Je me rappelle encore au moment du référendum pour adopter la nouvelle Constitution, on était à Moanda à l’Ouest de la RD Congo. Les gens ne comprenaient même pas de quoi il était question. Lors de l'organisation des premières élections, comme les gens n’étaient pas préparés à voter, ils votaient par rapport à leur tribu ou votaient simplement celui qui pouvait leur offrir quelques billets de banque.
En réalité, les politiciens qui étaient censé aider le pays à se reconstruire ont profité de l’ignorance du peuple et surtout de la pauvreté des gens pour se faire élire.
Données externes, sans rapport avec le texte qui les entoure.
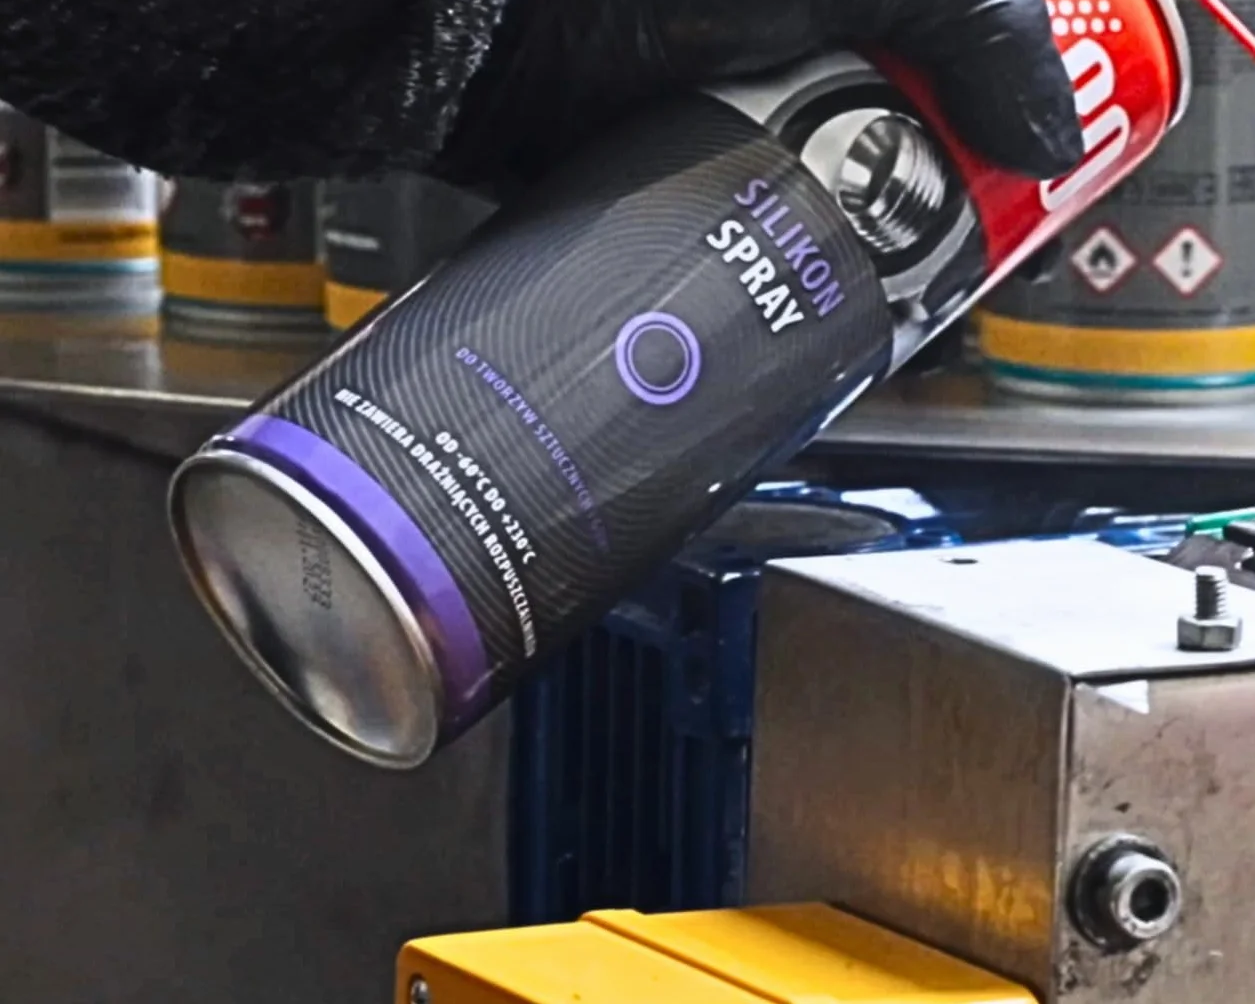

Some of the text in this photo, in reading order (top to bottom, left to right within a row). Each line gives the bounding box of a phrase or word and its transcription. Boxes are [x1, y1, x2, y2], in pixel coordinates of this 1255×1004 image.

[705, 219, 805, 333] SPRAY
[734, 178, 845, 317] SILIKON
[455, 347, 479, 366] DO
[475, 360, 539, 425] TWORZYW
[434, 431, 460, 454] OD
[456, 452, 492, 491] -60°C
[482, 487, 507, 512] DO
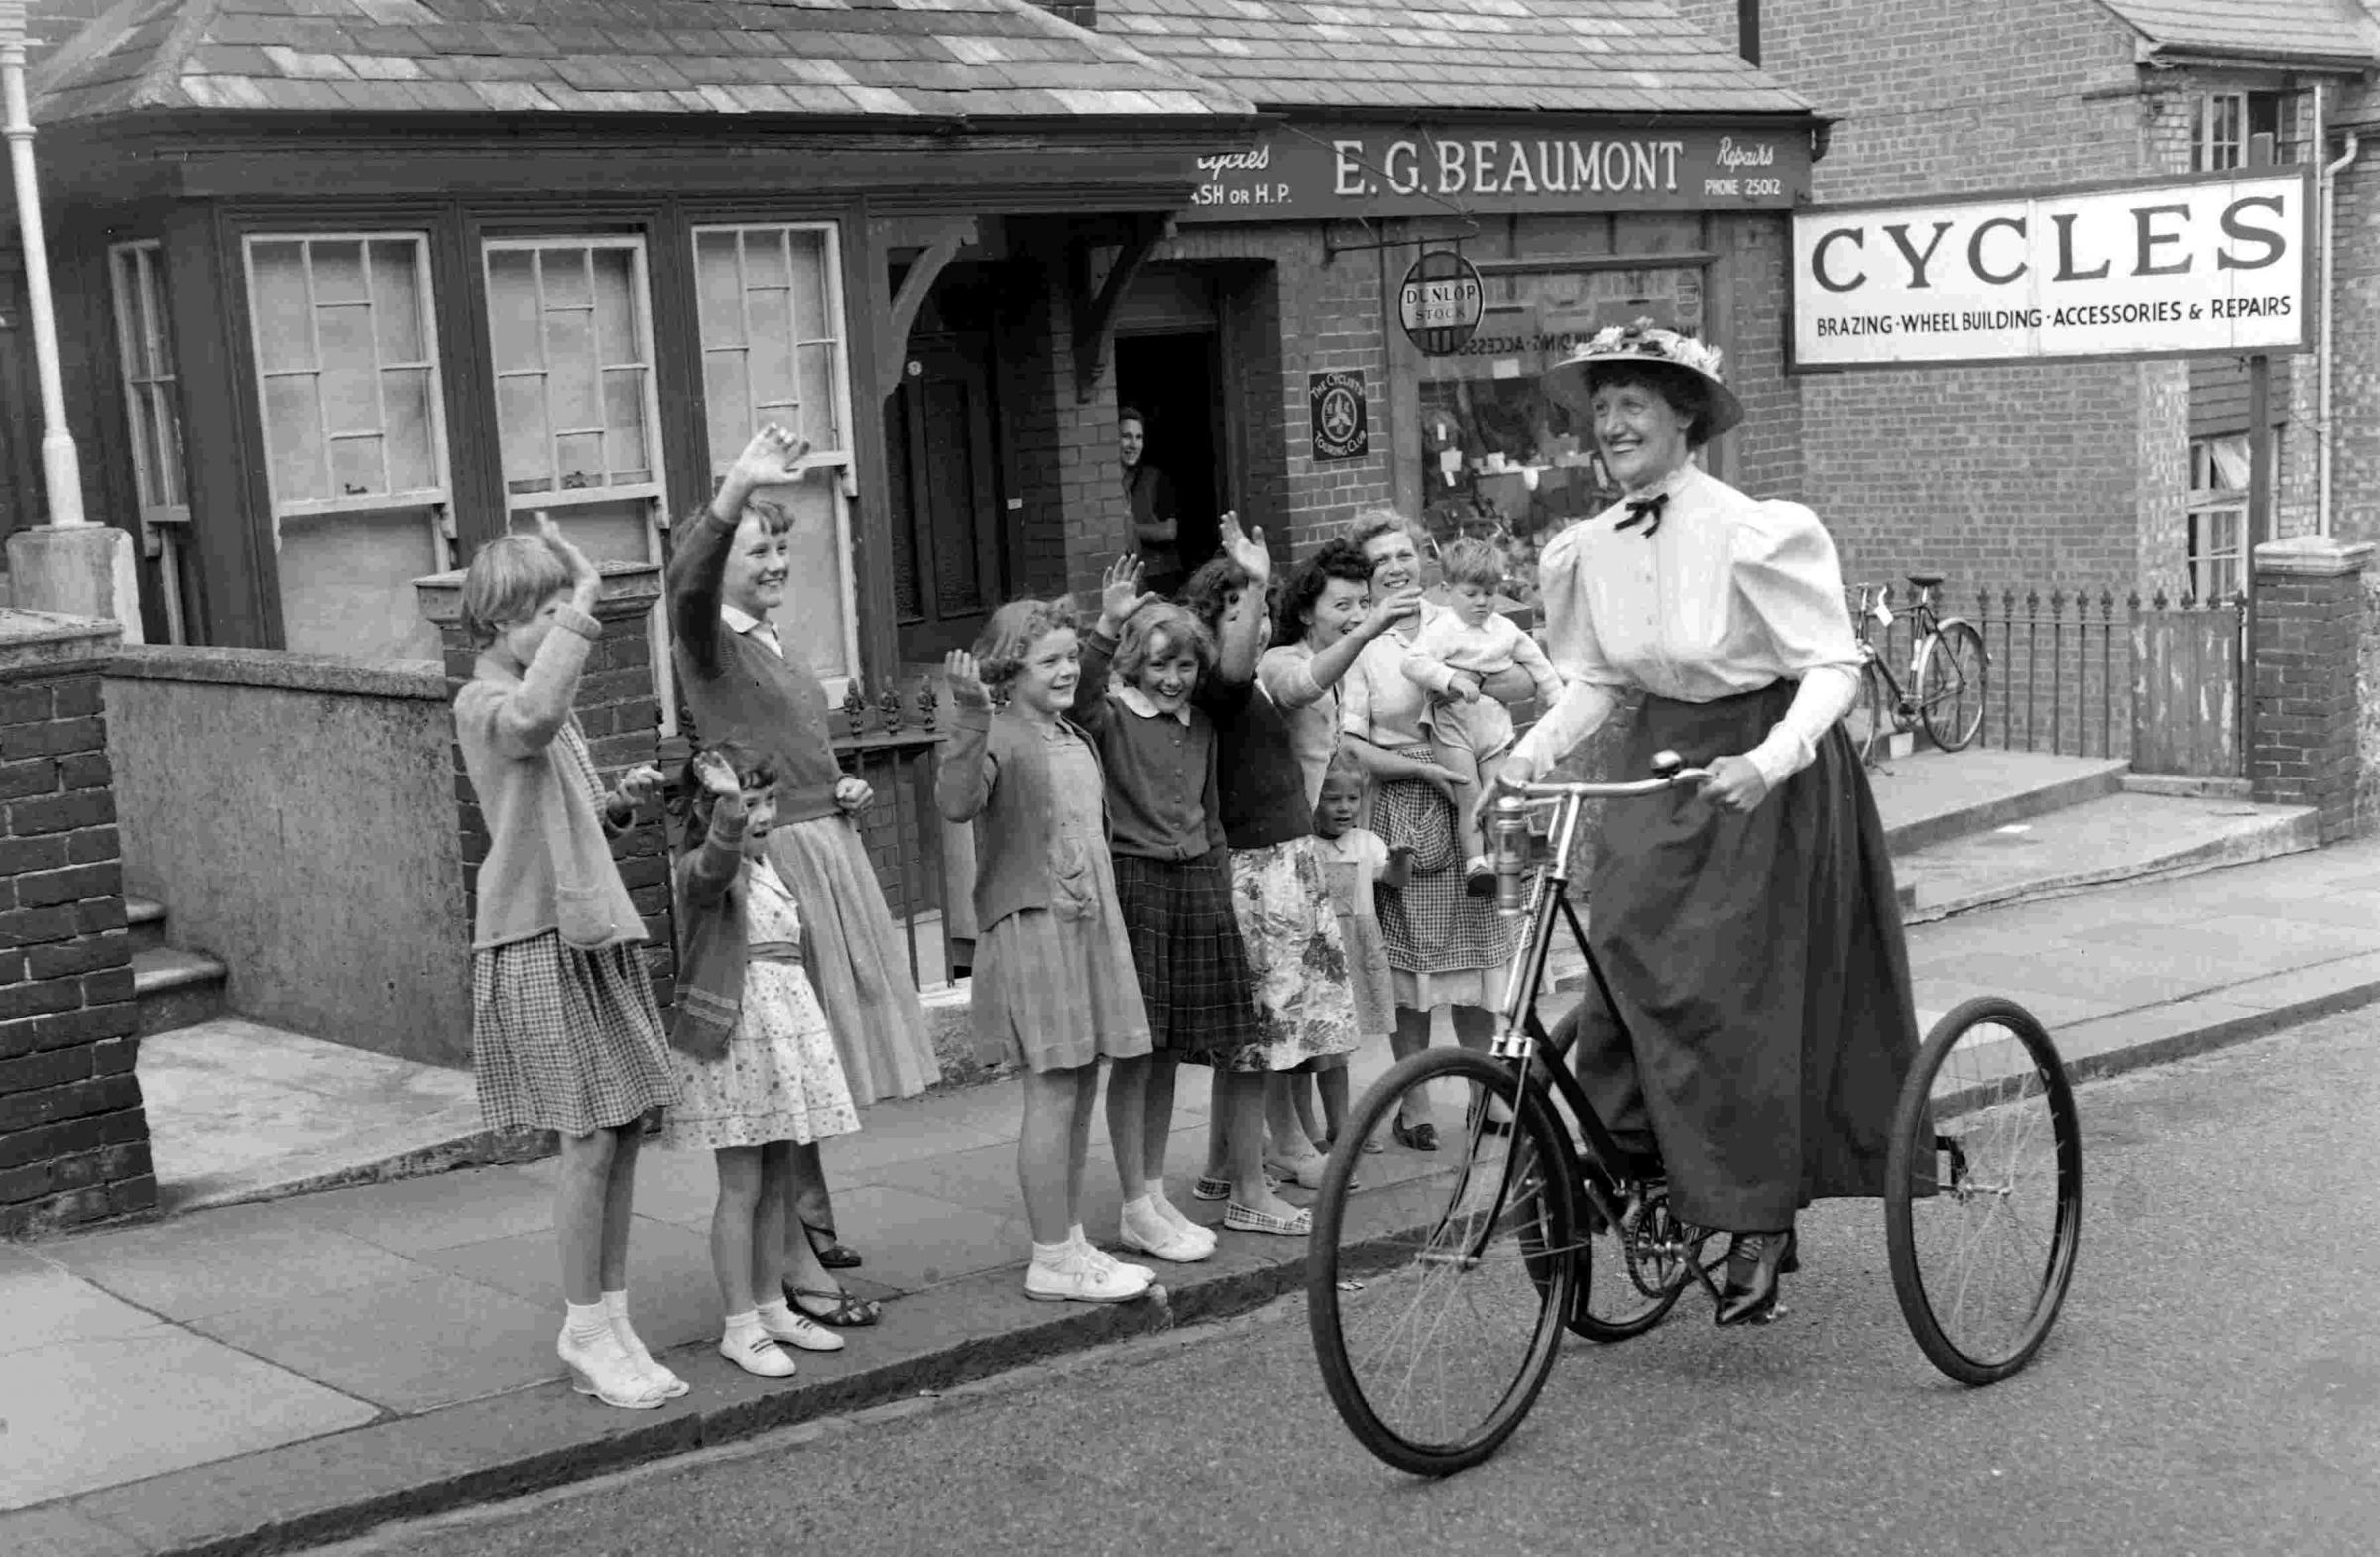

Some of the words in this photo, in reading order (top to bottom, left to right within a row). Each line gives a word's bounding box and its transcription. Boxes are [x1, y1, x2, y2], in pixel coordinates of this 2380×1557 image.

[1435, 140, 1684, 193] BEAUMONT
[1716, 136, 1774, 174] Repairs
[1255, 183, 1293, 204] H.P.
[1704, 178, 1739, 196] PHONE
[1744, 177, 1781, 196] 25012
[1810, 195, 2288, 293] CYCLES
[1406, 284, 1476, 305] DUNLOP
[1415, 306, 1466, 321] STOCK
[1816, 315, 1893, 337] BRAZING
[1901, 312, 1960, 334] WHEEL
[1962, 308, 2043, 332] BUILDING
[2052, 300, 2183, 328] ACCESSORIES
[2188, 303, 2204, 320] &
[2211, 295, 2292, 320] REPAIRS
[1310, 380, 1328, 399] THE
[1314, 430, 1348, 456] TOURING
[1346, 429, 1367, 453] CLUB
Il n’y a pas eu de campagne de sensibilisation sérieuse pour que les gens, en particulier ceux qui vivaient dans des villages ou en milieux ruraux, puissent comprendre comment fonctionne un tel système et quel en était les enjeux. Et je vous avoue qu’en 2023, les choses n'ont pas malheureusement pas beaucoup changé.
Pour un pays qui fait 4 fois la taille de la France, avec plus de 400 groupes ethniques et plus d’une centaine de langues, et dont une majorité des infrastructures ont été détruites à cause de la guerre, je pense qu’il y a eu un sérieux problème de priorités. Comment pouvait-on penser qu’organiser des élections démocratiques dans un tel contexte allait stabiliser le pays ou résoudre les problèmes ?
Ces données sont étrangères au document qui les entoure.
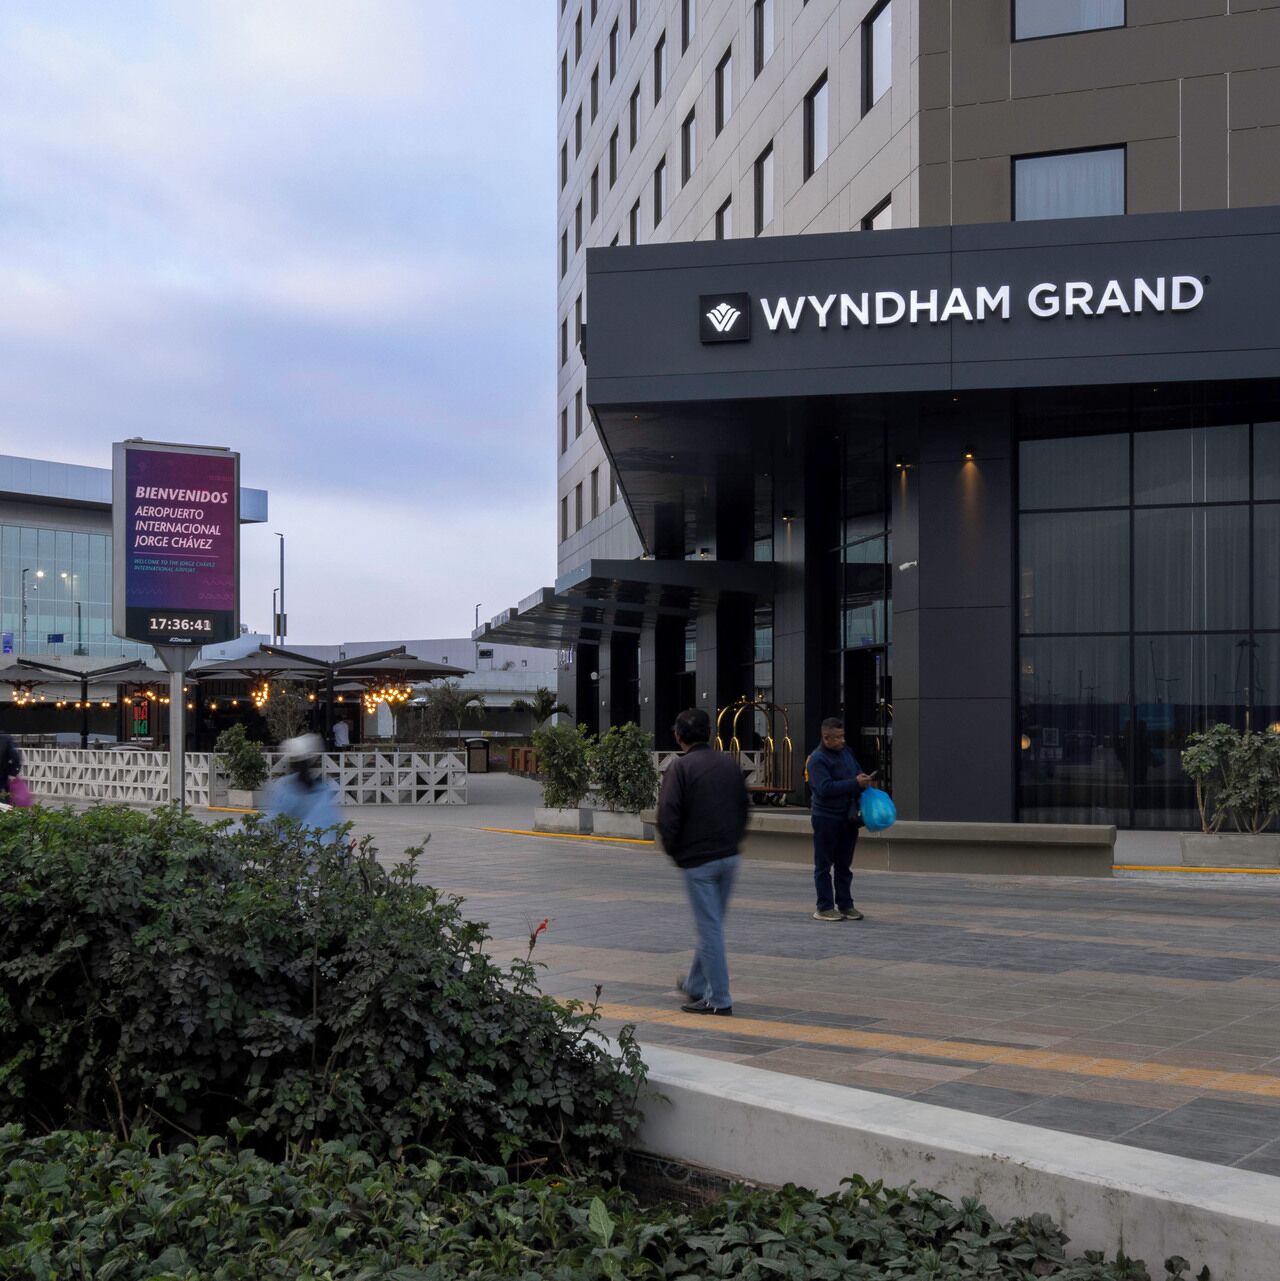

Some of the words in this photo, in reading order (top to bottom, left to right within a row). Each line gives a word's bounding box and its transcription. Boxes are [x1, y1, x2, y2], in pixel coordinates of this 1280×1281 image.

[760, 285, 1010, 331] WYNDHAM
[1027, 275, 1204, 318] GRAND
[136, 486, 229, 504] BIENVENIDOS
[135, 506, 204, 520] AEROPUERTO
[135, 521, 222, 536] INTERNACIONAL
[134, 535, 169, 548] JORGE
[171, 536, 213, 549] CHÁVEZ
[150, 618, 212, 631] 17:36:41
Considérant le contexte politique et sociologique expliqué plus haut, on peut difficilement imaginer que l’appareil politique français ou belge était adapté à la RD Congo.
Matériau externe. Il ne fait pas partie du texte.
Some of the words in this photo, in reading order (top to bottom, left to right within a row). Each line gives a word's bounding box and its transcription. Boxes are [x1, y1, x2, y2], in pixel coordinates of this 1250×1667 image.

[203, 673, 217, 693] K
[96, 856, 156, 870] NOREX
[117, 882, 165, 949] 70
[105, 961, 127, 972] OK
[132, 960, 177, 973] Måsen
En parlant de priorisation, saviez-vous que chaque cycle électoral coûte au trésor public congolais plusieurs centaines de millions de dollars américains ? Pour ce cycle de 2023, c’est un peu plus d’1 mia USD qui a été utilisé pour l'organisation des élections. L’un de projet phare lancé en 2021 par l’actuel président s’appelle PDL-145T ( Programme de développement local des 145 territoires). Le PDL-145T vise à réduire les inégalités spatiales, redynamiser les économies locales et transformer les conditions et le cadre de vie des populations congolaises vivant dans les zones jusque-là mal desservies par les infrastructures et services sociaux de base. Le coût de ce projet est de 1,6 mia USD. Malheureusement, ce beau projet rencontre des problèmes de financement et à de la peine à se matérialiser sur le terrain. Nous voyons donc que les centaines de millions de dollars gaspillés tous les 5 ans pour des élections inopportunes pourraient en réalité servir à reconstruire le pays…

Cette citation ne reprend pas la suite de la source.